Coalition contre le logement cher
À Montréal, la colère des locataires
Des manifestants réclament un contrôle des loyers et plus de logements sociaux face à une crise qui précarise de plus en plus de ménages.
Tommy Lai a récemment perdu son emploi et s’est retrouvé à devoir vivre en colocation avec des personnes qu’il ne connaît pas, faute de pouvoir se trouver un logement qu’il peut payer seul.
« Les loyers sont inabordables, ça n’a pas d’allure ! », lance-t-il. Son colocataire, qui est le seul à avoir son nom sur le bail, pourrait le mettre à la porte « n’importe quand ». « Je suis menacé de partir, je suis tous les jours dans l’incertitude », laisse-t-il tomber.

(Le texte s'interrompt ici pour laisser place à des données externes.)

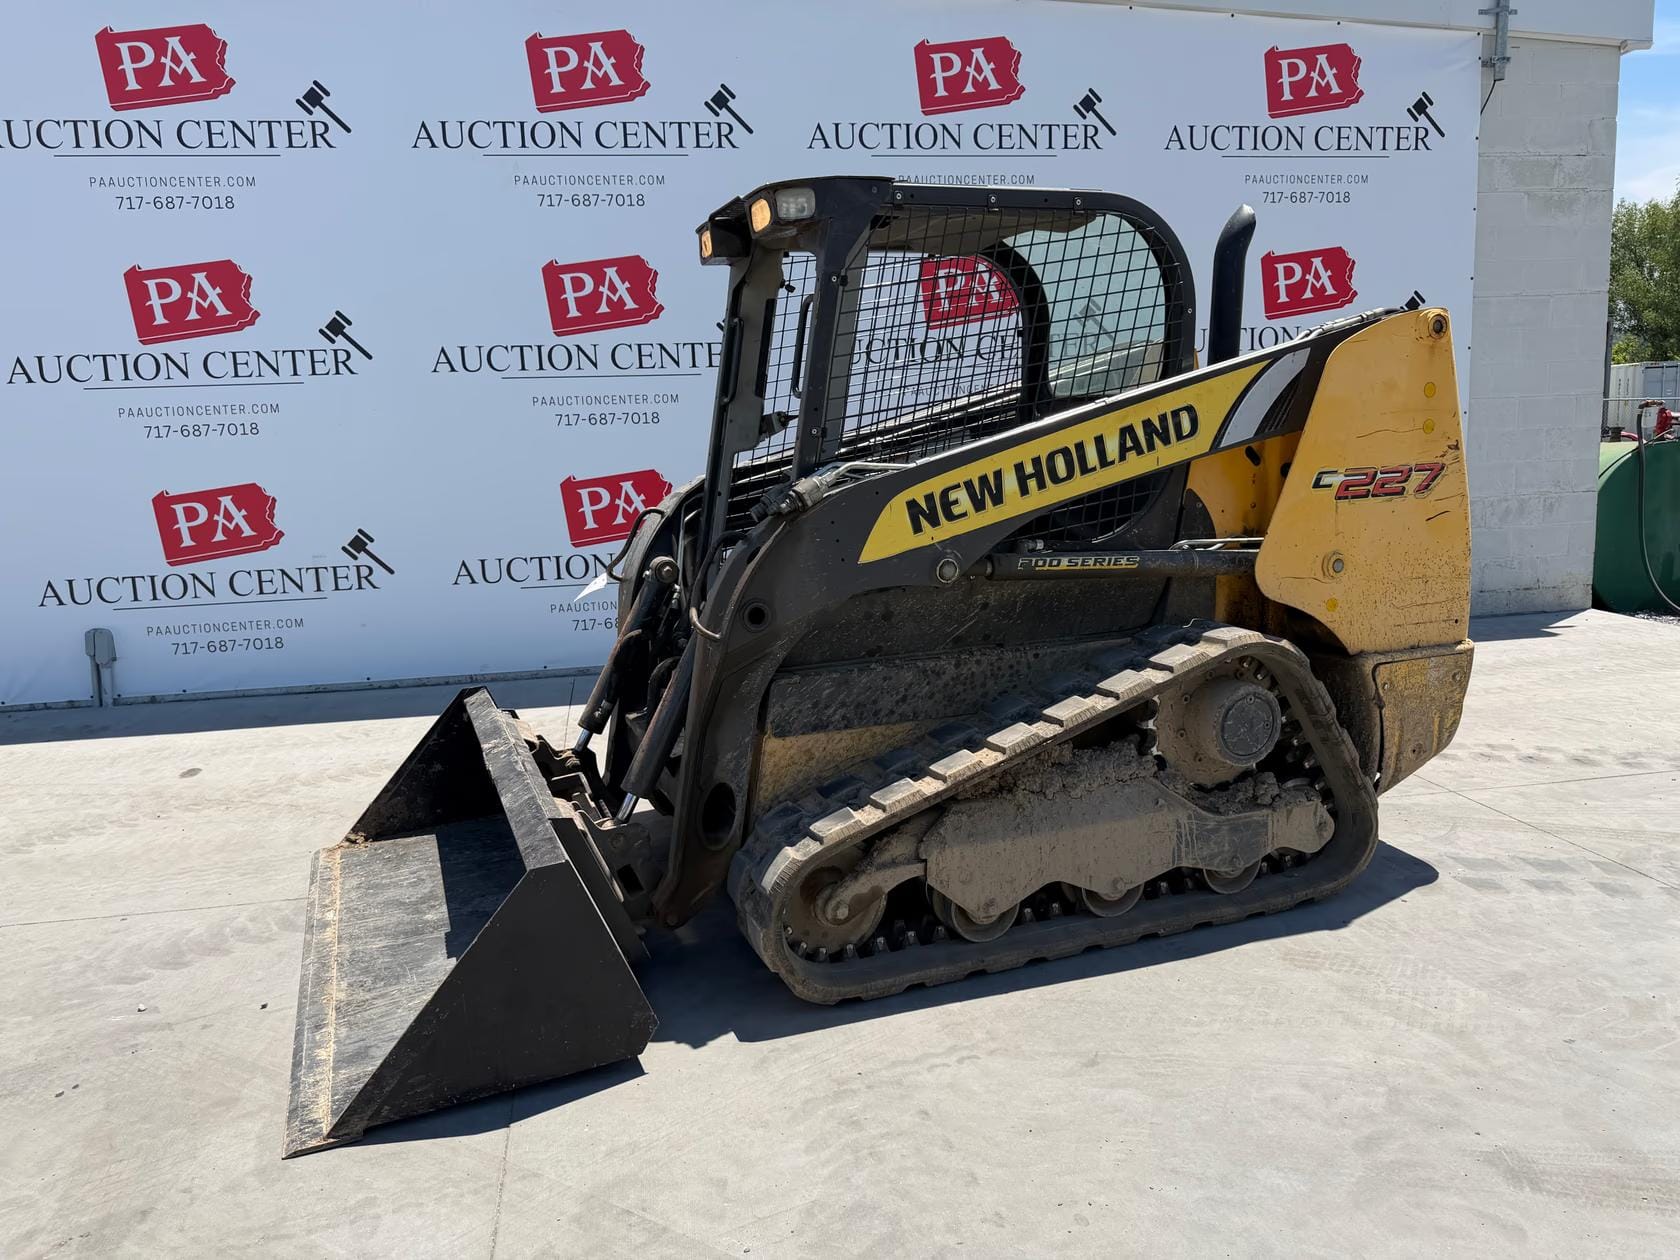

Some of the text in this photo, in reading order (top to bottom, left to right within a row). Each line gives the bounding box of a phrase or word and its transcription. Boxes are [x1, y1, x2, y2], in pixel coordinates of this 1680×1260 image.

[115, 36, 206, 90] PA
[543, 42, 624, 93] PA
[930, 48, 1002, 96] PA
[1278, 54, 1342, 100] PA
[0, 119, 336, 149] UCTION CENTER
[411, 120, 739, 149] AUCTION CENTER
[807, 122, 1103, 150] AUCTION CENTER
[1164, 125, 1432, 151] AUCTION CENTER
[90, 176, 255, 187] PAAUCTIONCENTER.COM
[515, 175, 664, 185] PAAUCTIONCENTER.COM
[1245, 175, 1368, 184] PAAUCTIONCENTER.COM
[115, 196, 234, 210] 717-687-7018
[537, 194, 645, 207] 717-687-7018
[1263, 192, 1350, 203] 717-687-7018
[559, 267, 638, 317] PA
[1275, 257, 1336, 302] PA
[143, 272, 232, 325] PA
[6, 349, 358, 384] AUCTION CENTER
[432, 342, 722, 373] AUCTION CENTE
[119, 403, 279, 418] PAAUCTIONCENTER.COM
[533, 394, 678, 406] PAAUCTIONCENTER.COM
[144, 422, 259, 438] 717-687-7018
[555, 412, 660, 426] 717-687-7018
[905, 403, 1200, 537] NEW HOLLAND
[576, 480, 647, 530] PA
[170, 495, 256, 547] PA
[452, 553, 616, 585] AUCTION
[1066, 556, 1139, 570] SERIES
[39, 565, 381, 607] AUCTION CENTER
[147, 618, 304, 636] PAAUCTIONCENTER.COM
[172, 637, 284, 655] 717-687-7018
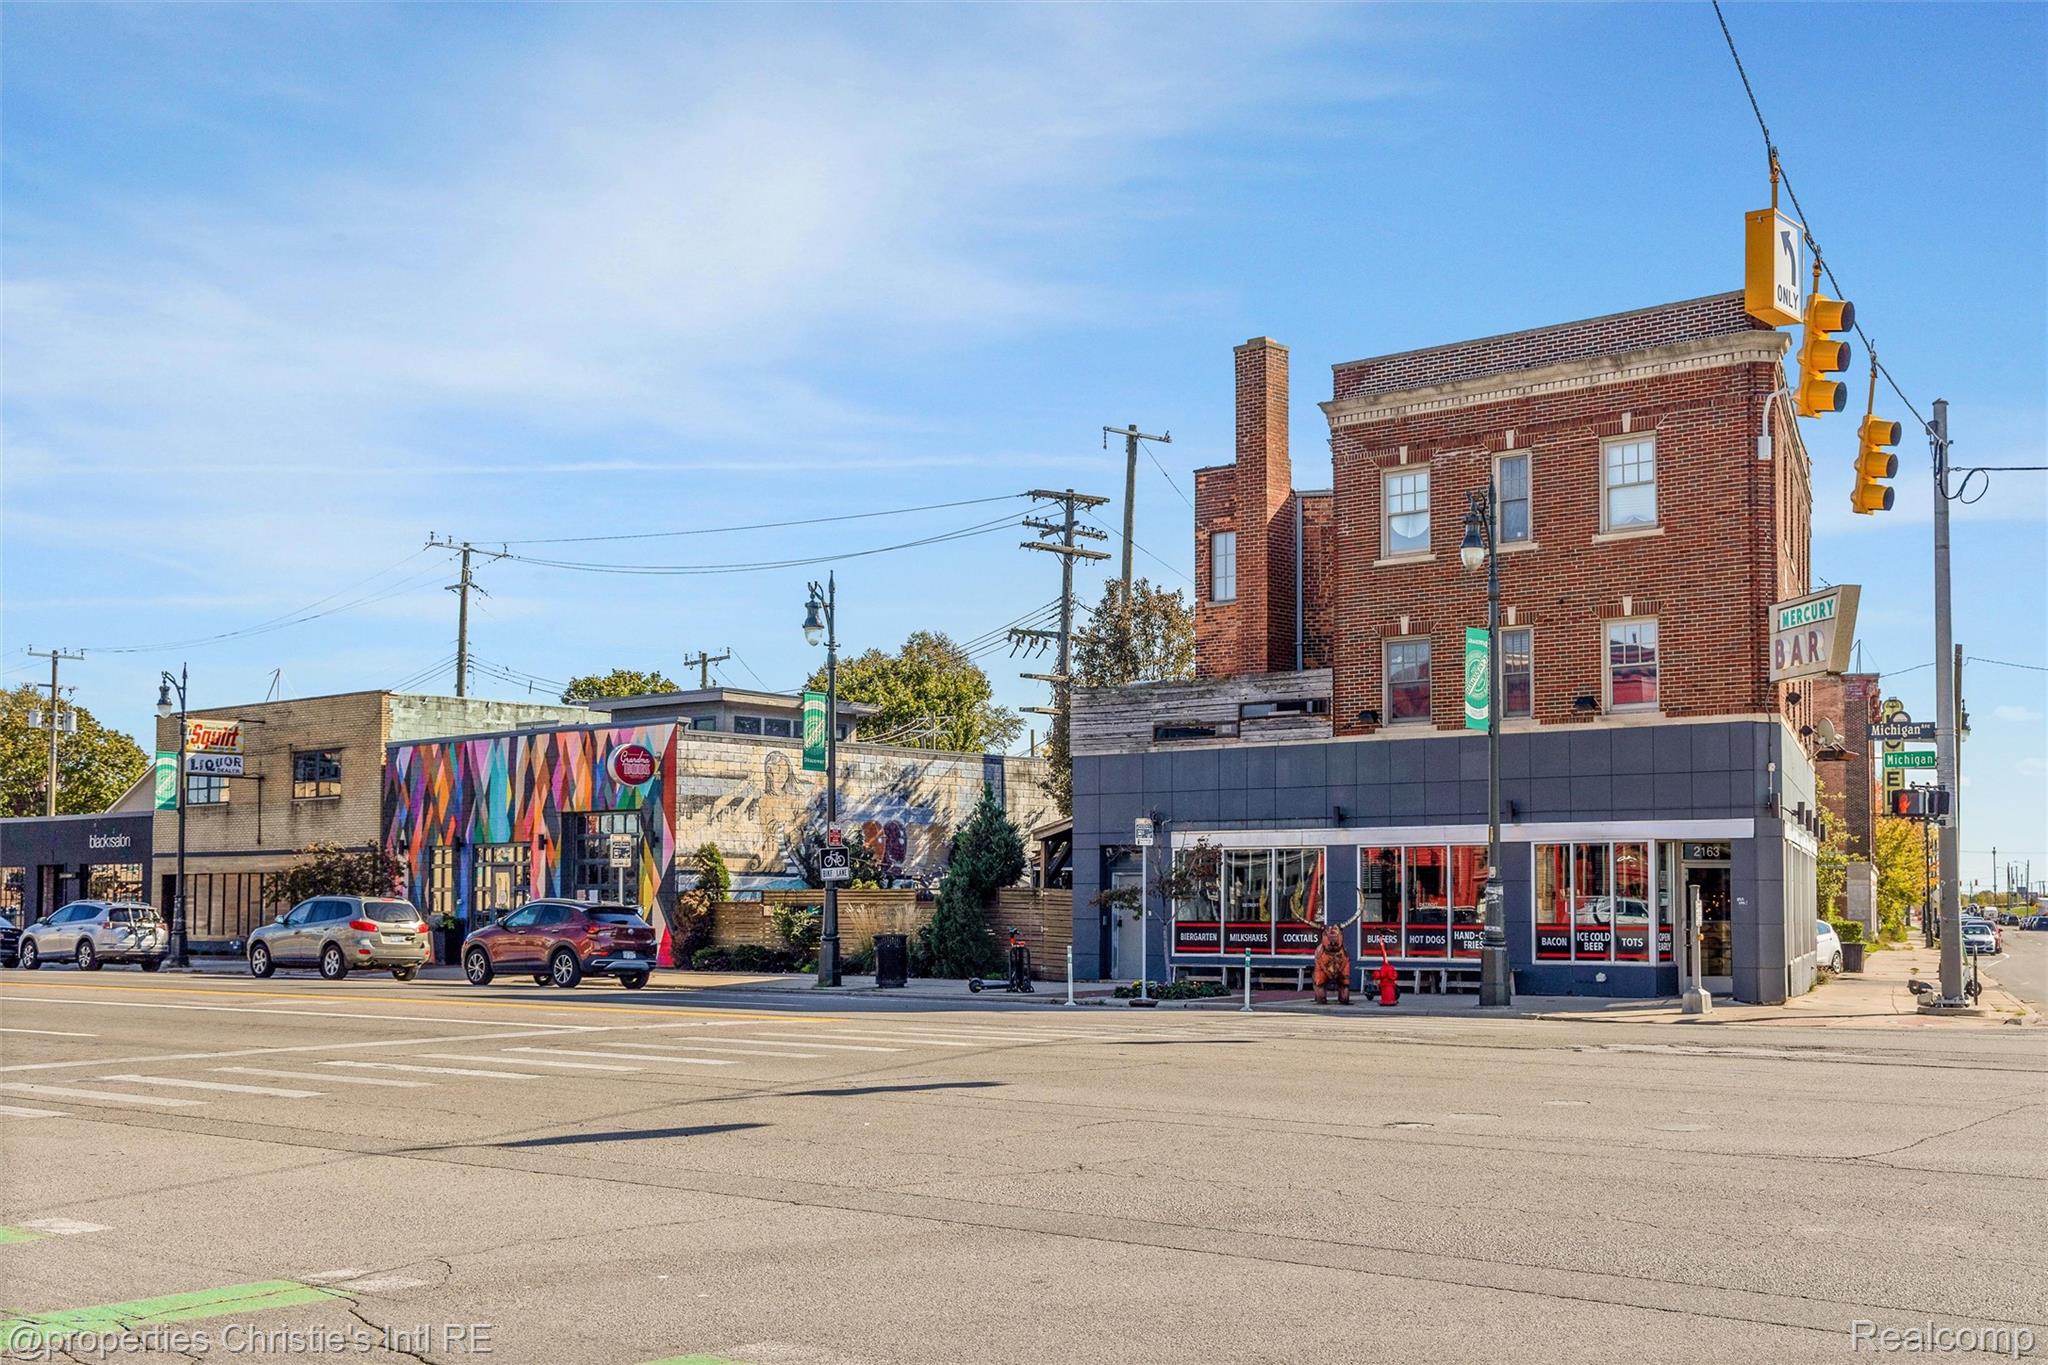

Comme de nombreuses autres personnes en situation précaire, il a tenu à prendre part à la manifestation qui s’est déroulée mercredi. Les manifestants se sont regroupés vers 11 h aux abords de la station de métro Assomption, à Montréal.
La manifestation était organisée par la Coalition contre le logement cher, une organisation qui regroupe près de 120 organismes différents.
« Il est plus que temps de mettre un frein à cette flambée des loyers, qui nous appauvrit année après année ! », a lancé Francis Dolan, porte-parole pour le Regroupement des comités logement et associations de locataires du Québec (RCLALQ), sous les acclamations de la foule.
Les manifestants réclament notamment un contrôle des loyers, un financement massif du logement social et la reconnaissance formelle du droit au logement dans la Charte des droits et libertés.
« C’est vraiment une réussite ! », s’est félicitée Véronique Laflamme, porte-parole nationale du Front d’action populaire en réaménagement urbain (FRAPRU). « Les gens sont scandalisés de voir le droit à un logement convenable, que le gouvernement du Québec s’est pourtant engagé à protéger, être bafoué pour autant de personnes. »
Les manifestants se sont dirigés vers le Tribunal administratif du logement (TAL), en scandant des slogans comme « Les loyers explosent, un contrôle s’impose ! », « Locataires en colère, locataires solidaires ! » ou encore « L’été nous fait suer, il faut geler les loyers ! ».
Certains sont arrivés à bord d’un camion de déménagement pour décharger des meubles juste devant les bureaux du TAL : un canapé, une commode, des tables, des chaises, un matelas, une laveuse, une cuisinière…
PHOTO ÉDOUARD DESROCHES, COLLABORATION SPÉCIALE
Entre deux slogans, les organisateurs rappelaient aux manifestants de bien s’hydrater, les températures s’élevant alors à 33 °C.
Samuel Blais, lui, est travailleur, mais son loyer est rendu « hors de prix ». Il estime qu’il « arrive à s’en sortir » malgré tout, mais il doit quand même partager son logement, un 4 1/2 à 1700 $ par mois, avec deux autres colocataires.
« Ce n’est pas éthique de faire des profits sur la vie des gens », soupire-t-il.
Un avis partagé par Dominique Robert. Celle-ci vit dans une tour à logements, au centre-ville de Montréal, depuis 25 ans. Elle refuse systématiquement les augmentations de loyer depuis quelques années, mais les nouveaux locataires, eux, peinent à payer les loyers, qui ont explosé. Dans son immeuble des années 1970, « un 3 1/2, c’est rendu 1400, 1700, 1800 $ », souligne-t-elle.
« Souvent, ce sont des personnes seules, âgées, issues de l’immigration… Comment font-elles ? », s’insurge-t-elle.